I haven't read the new Best American Poetry (mmmrrrffff sound accompanied), and I don't know if I will. But one thing that seems to happen with each new one is that people start talking about 'aesthetics' again. And I kind of want to say who cares! Really. To me poetry that actively resists aesthetics is much more interesting. OK. Maybe a poetry that engages aesthetics. Aesthetics exists, as an ideological presence sure. And poetry should not exist in a vacuum. But so often it seems to, in a stuffy, yet disturbingly tidy, white, and yeah male vacuum. I don't think the answer is ignore aesthetics. At least, I don't know of any poetry that does do that successfully. And what kind of goal is that anyway? --to ignore something-- Poetry that would try to ignore aesthics, it seems, would fall into the trap of aesthetics in the worst way.
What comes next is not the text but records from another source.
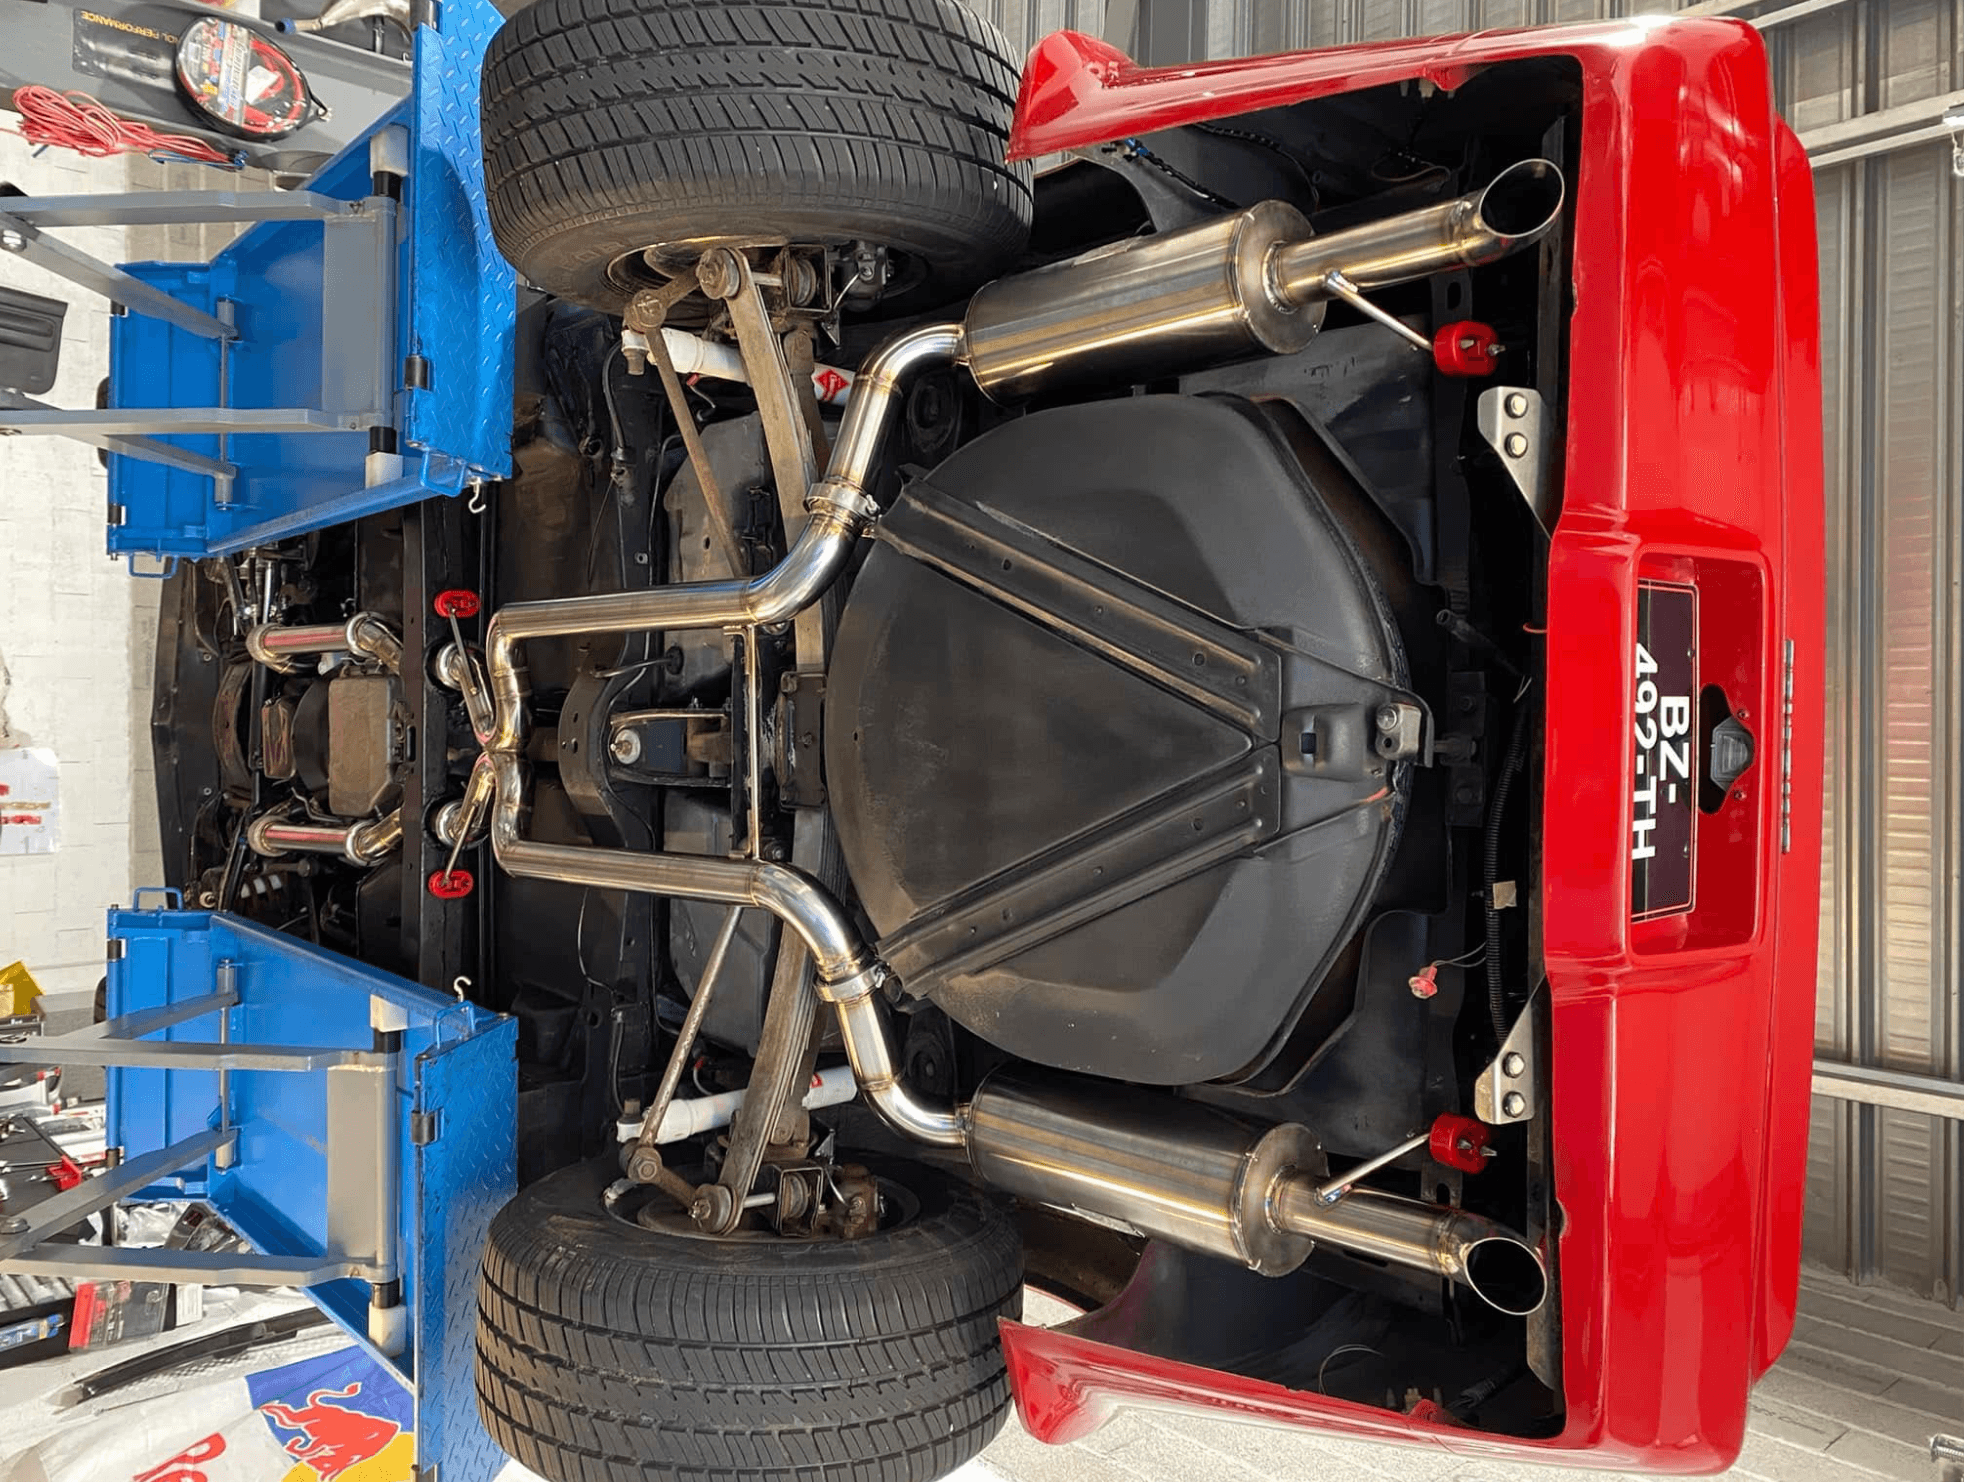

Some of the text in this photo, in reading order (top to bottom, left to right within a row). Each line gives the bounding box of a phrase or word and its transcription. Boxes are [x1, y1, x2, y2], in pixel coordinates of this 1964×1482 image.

[80, 10, 159, 39] PERFORMANCE
[1631, 642, 1658, 860] 492-TH
[1659, 695, 1690, 804] BZ-
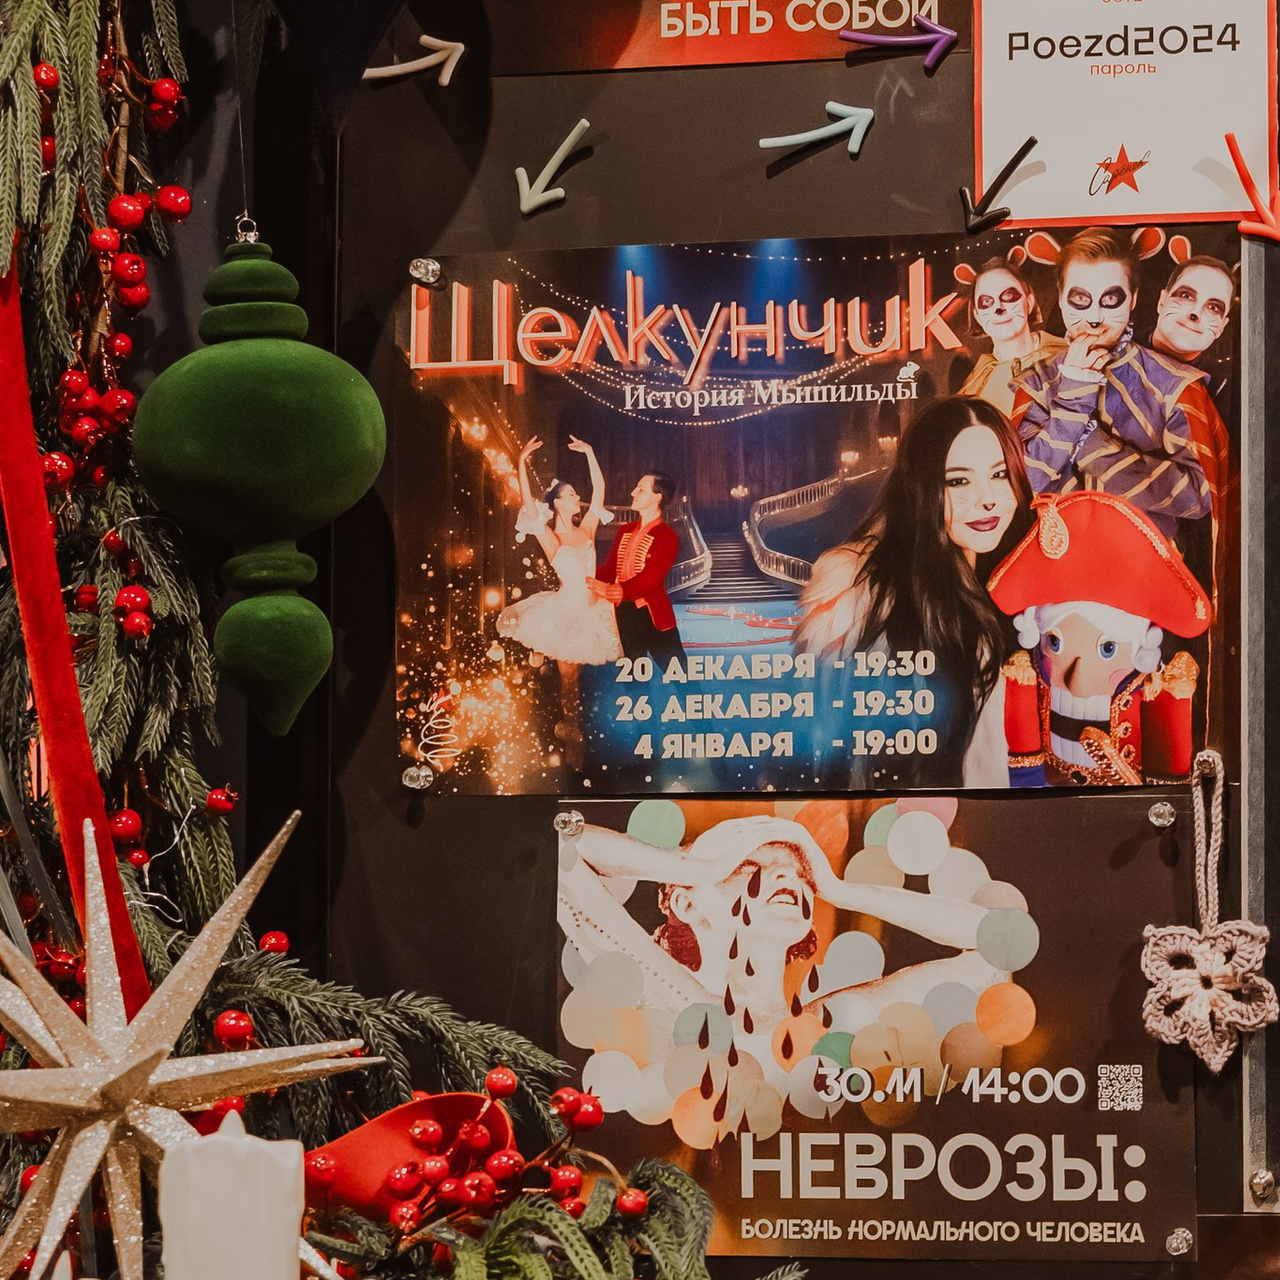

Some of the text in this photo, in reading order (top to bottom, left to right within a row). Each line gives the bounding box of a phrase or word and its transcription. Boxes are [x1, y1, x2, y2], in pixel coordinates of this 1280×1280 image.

[660, 0, 773, 39] БЫТЬ
[1007, 22, 1241, 61] Poezd2024
[1089, 61, 1157, 78] пароль
[409, 257, 963, 387] Щелкунчик
[623, 380, 918, 415] История Мышильды
[614, 657, 654, 683] 20
[662, 653, 815, 684] ДЕКАБРЯ
[853, 650, 937, 678] 19:30
[614, 695, 653, 721] 26
[661, 692, 814, 722] ДЕКАБРЯ
[852, 689, 936, 717] 19:30
[633, 734, 654, 759] 4
[661, 731, 794, 759] ЯНВАРЯ
[852, 728, 938, 756] 19:00
[817, 1066, 922, 1103] 30.11
[961, 1066, 1086, 1104] 14:00
[740, 1132, 1147, 1203] НЕВРОЗЫ:
[741, 1218, 1146, 1243] БОЛЕЗНЬ НОРМАЛЬНОГО ЧЕЛОВЕКА
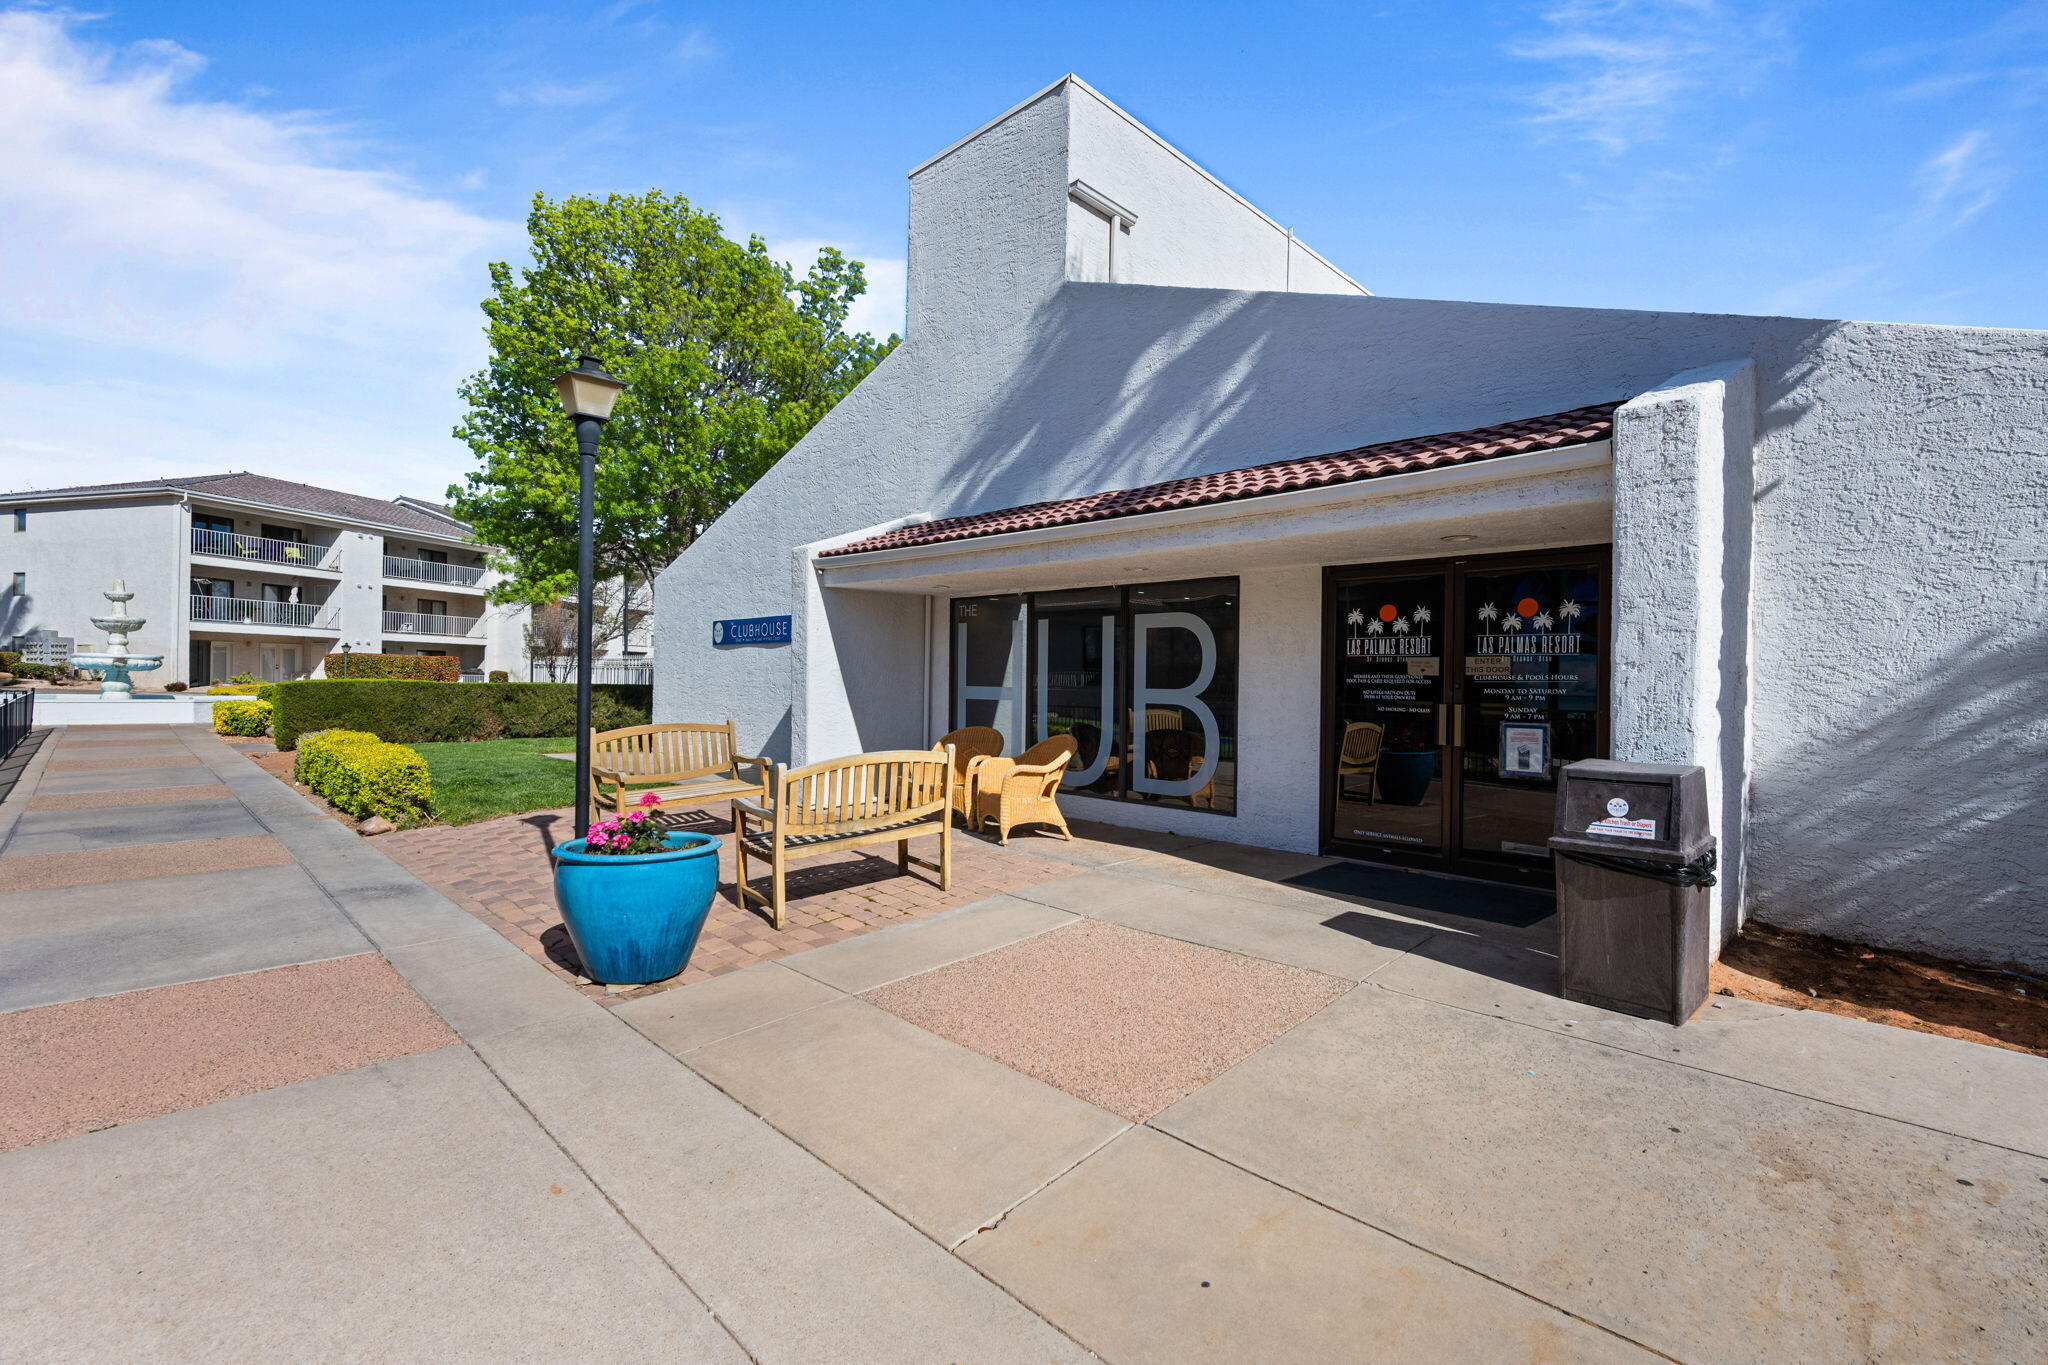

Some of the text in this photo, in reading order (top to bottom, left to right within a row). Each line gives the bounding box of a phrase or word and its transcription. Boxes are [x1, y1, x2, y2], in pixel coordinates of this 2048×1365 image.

A poet who I used to read who I don't really look at much anymore is Charles Simic. I used to enjoy some of his poems quite a bit, and when I go back to them I can still kind of see why. But they take this attitude toward aesthetics that feels like 'We all know whats beautiful and what isn't, why trifle?'. There's just a tin-eared presentation of 'images' and 'insights'. To me, this takes away all of the investigative power that poetry has. Same with Billy Collins idea that a poem should be like an easily accesible apartment building, a cushy thing, about as risky as a Fudruckers. And at least you get a Cheeseburger there. In these kinds of poems all you get are images of the white male poet enjoying his own domesticity. Unquestioningly, unless its a question some dead person already covered, and they can put a little aesthetic around the icing, as it were. (mmmrrrrfff)

Like my friend Chuck said, there's a sufficiency thing. Like, heres what my poem does, take or leave it.